Tariff burden remains heavy, even after new trade deal
The United States imposed a nominal tariff of 39% on selected Swiss exports. Owing to sector-specific exemptions, however, the effective tariff rate on exports to the United States was around 13%. In accordance with the memorandum of understanding between Switzerland and the United States of November 14, 2025, a 15% tariff ceiling on most export categories came into force with immediate effect. However, as only around 30% of Swiss exports were affected by the nominal 39% tariff, the direct beneficial effect is limited. Nevertheless, this easing of the burden on exports to the United States is existential for the industries concerned.
However, there is still considerable uncertainty regarding sectoral US tariffs. In particular, the possible introduction of tariffs on pharmaceuticals from the first quarter of 2026 represents a key risk, as these account for around half of Swiss exports to the United States.
Overall, the new trade agreement only partially reduces the economic burden of tariffs. Despite the agreement, EY expects GDP growth to be around 0.9 percentage points lower in 2026 than in a scenario without additional tariffs. Without a trade agreement, the projected impact would have been approximately a quarter higher at 1.2 percentage points.

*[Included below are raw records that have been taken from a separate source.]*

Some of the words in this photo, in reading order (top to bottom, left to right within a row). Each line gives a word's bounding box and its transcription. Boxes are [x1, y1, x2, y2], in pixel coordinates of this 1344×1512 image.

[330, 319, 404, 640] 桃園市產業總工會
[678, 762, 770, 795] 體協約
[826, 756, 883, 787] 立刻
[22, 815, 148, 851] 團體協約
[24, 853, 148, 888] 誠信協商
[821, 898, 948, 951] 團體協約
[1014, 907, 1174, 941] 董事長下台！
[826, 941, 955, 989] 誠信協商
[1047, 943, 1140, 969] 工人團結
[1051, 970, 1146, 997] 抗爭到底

As a result, EY expects GDP growth to be subdued in 2026 at around 0.6% compared with expected growth of 1.2% in 2025. The economy is expected to pick up again from 2027: growth is forecast to be approximately 1.5%, supported by a recovery in the eurozone, a stabilization in global demand and more favorable financing conditions.
“The current forecasts show a marked change in the economic picture. The fluctuations over the course of the year illustrate how quickly outside forces are reflected in Swiss GDP,” said Daniel Gentsch, Chairman of EY Switzerland. “For 2026, we expect a phase in which the tariff effects will become clearly visible before the trend can gradually stabilize.”

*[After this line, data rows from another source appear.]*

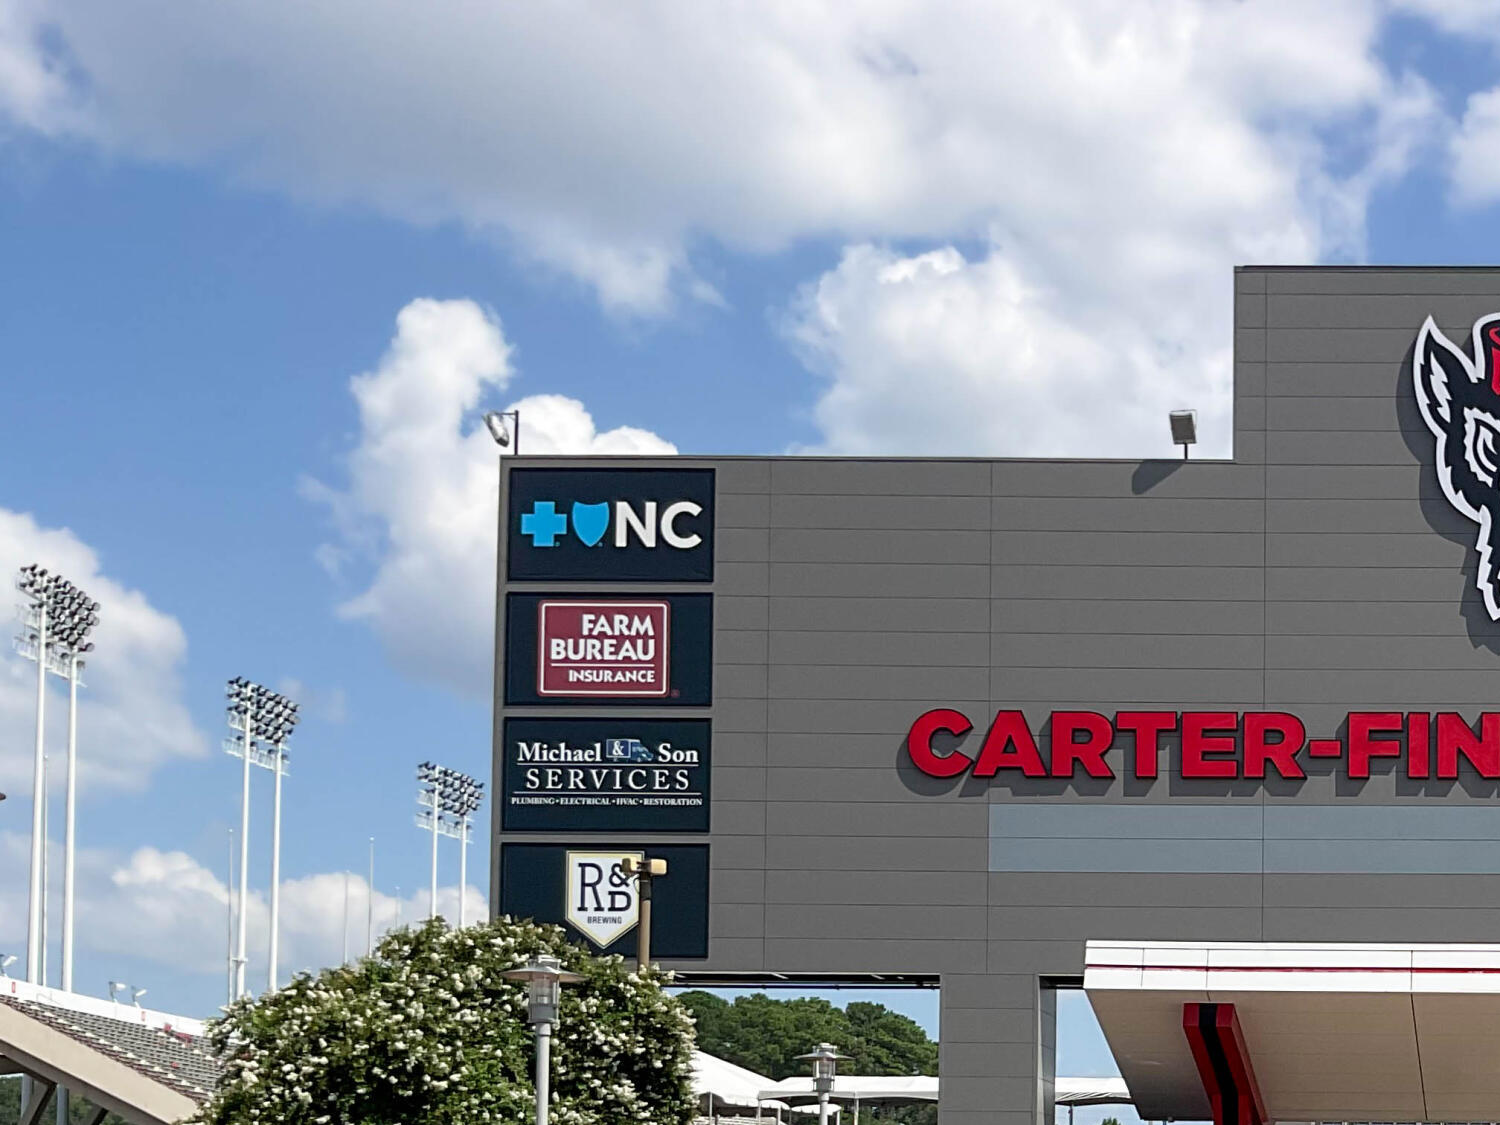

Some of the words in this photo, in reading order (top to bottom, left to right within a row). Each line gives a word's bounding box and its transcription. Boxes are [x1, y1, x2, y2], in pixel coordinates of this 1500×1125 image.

[615, 501, 703, 548] NC
[582, 614, 655, 636] FARM
[550, 638, 655, 661] BUREAU
[568, 669, 655, 683] INSURANCE
[517, 742, 603, 762] Michael
[658, 743, 699, 762] Son
[525, 768, 690, 790] SERVICES
[587, 915, 622, 925] BREWING
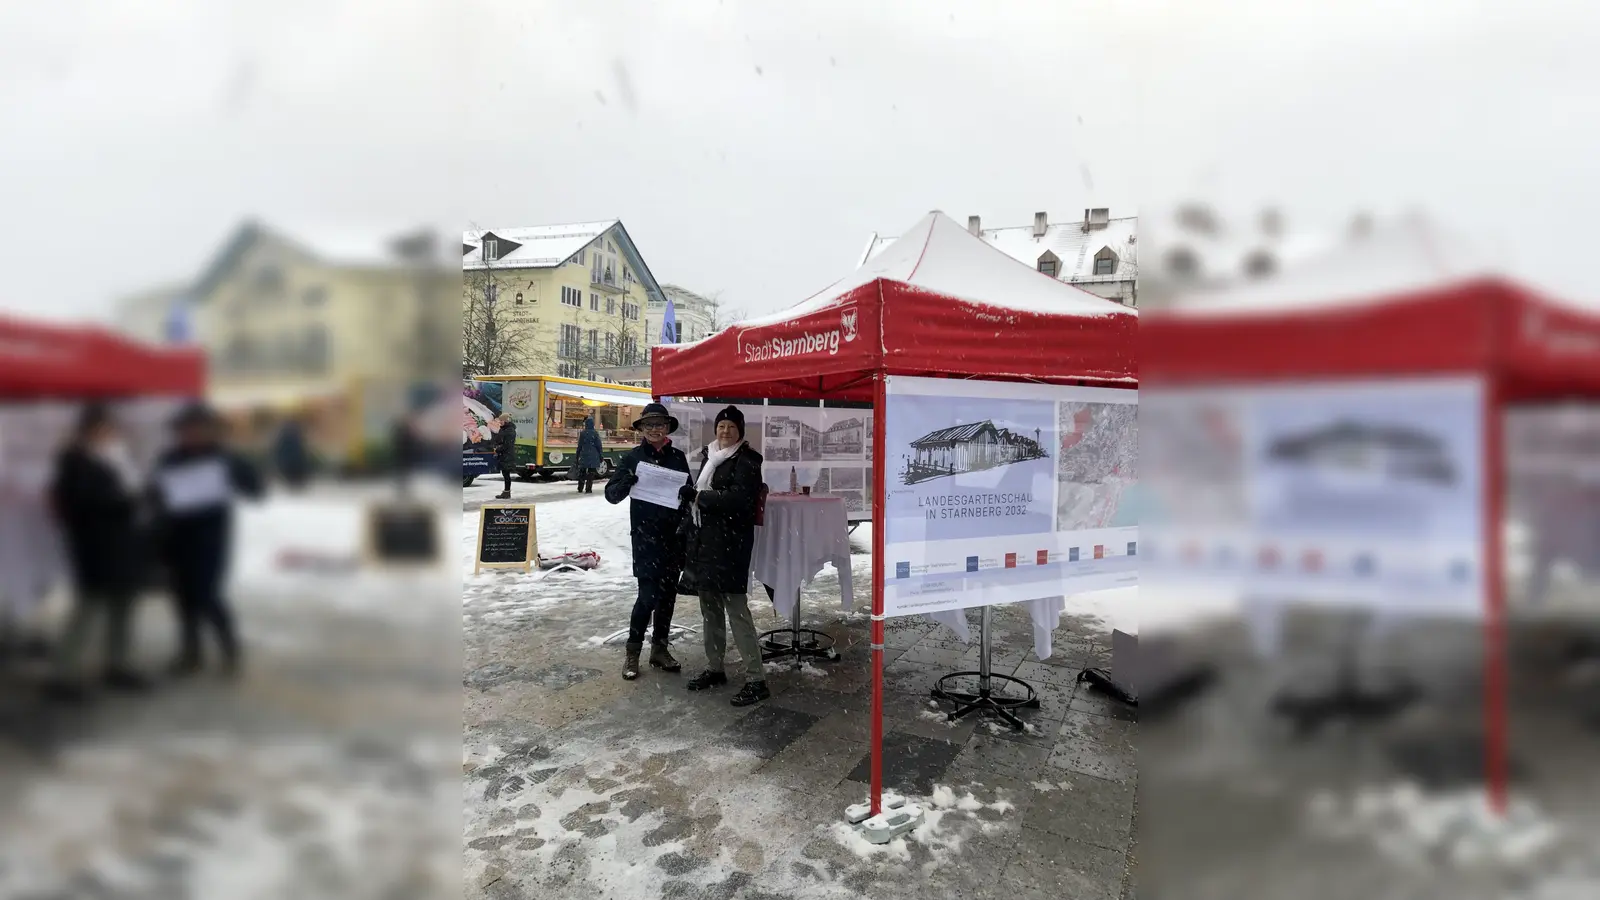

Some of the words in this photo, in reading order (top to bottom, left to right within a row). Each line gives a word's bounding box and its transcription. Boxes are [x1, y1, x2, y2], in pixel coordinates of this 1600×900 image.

[918, 493, 1033, 507] LANDESGARTENSCHAU
[925, 509, 937, 520] IN
[941, 506, 1002, 519] STARNBERG
[1005, 505, 1027, 516] 2032

Weak labor market and low inflation
The Swiss labor market is already showing signs of a slowdown. Employment growth was 0.6% to 0.7% in the first half of 2025, while registered unemployment has risen slightly since the end of 2023. Business surveys point to a further deterioration in employment dynamics. Wage growth also remains moderate. Wages are currently rising below 1%. An increase to around 1.4% is expected for 2026 as soon as the economic situation stabilizes.

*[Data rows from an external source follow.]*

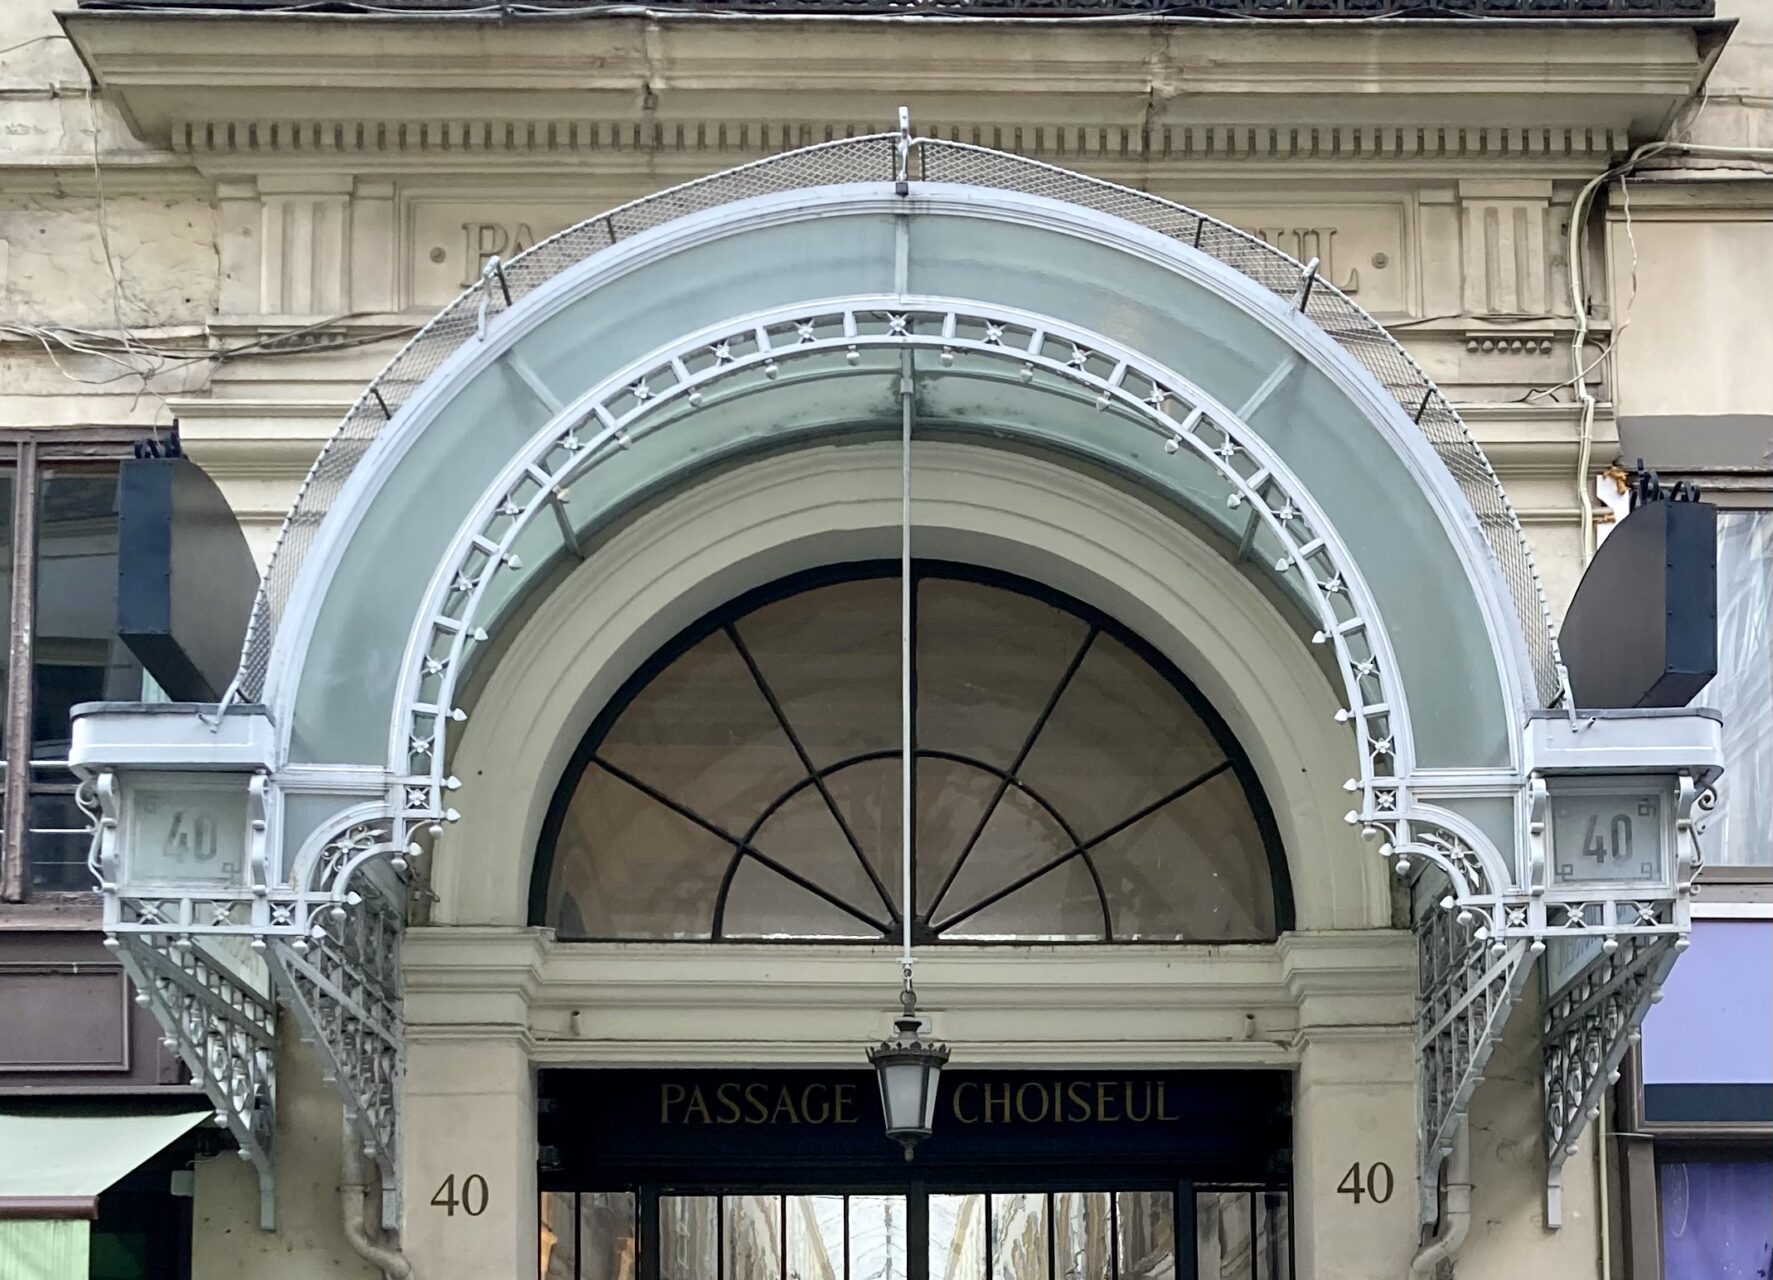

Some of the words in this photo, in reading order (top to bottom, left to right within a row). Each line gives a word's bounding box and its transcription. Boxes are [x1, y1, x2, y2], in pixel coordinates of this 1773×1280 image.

[163, 811, 218, 863] 40
[1582, 813, 1634, 864] 40
[660, 1082, 859, 1124] PASSAGE
[952, 1080, 1181, 1124] CHOISEUL
[430, 1173, 489, 1217] 40
[1336, 1161, 1394, 1204] 40

Consumer price inflation is currently 0%, the lower end of the target range of the Swiss National Bank (SNB). Falling energy prices, a strong Swiss franc and weak demand are all significant factors in keeping prices from rising.
The SNB cut the key interest rate to 0% in June 2025 and has left it unchanged since then. If the Swiss franc appreciates further or the rate of inflation falls again, EY does not rule out negative interest rates, even in the short term. An interest rate hike is not expected until 2027 or 2028 once inflation rises above 1% again and the economic recovery takes effect.
Outlook: Strain on economy heaviest in 2026 – recovery expected thereafter
EY expects the economic burden resulting from the US tariffs to be at its heaviest in 2026. In particular, any additional sectoral tariffs on pharmaceuticals are likely to further dampen growth. A gradual recovery is expected from 2027, supported by a more solid eurozone economy, more stable global demand and a more favorable interest rate environment. Despite the current uncertainty, the structural framework of the Swiss economy remains solid. What happens going forward will be determined not by the nominal tariff rates, but by the effective tariff burden.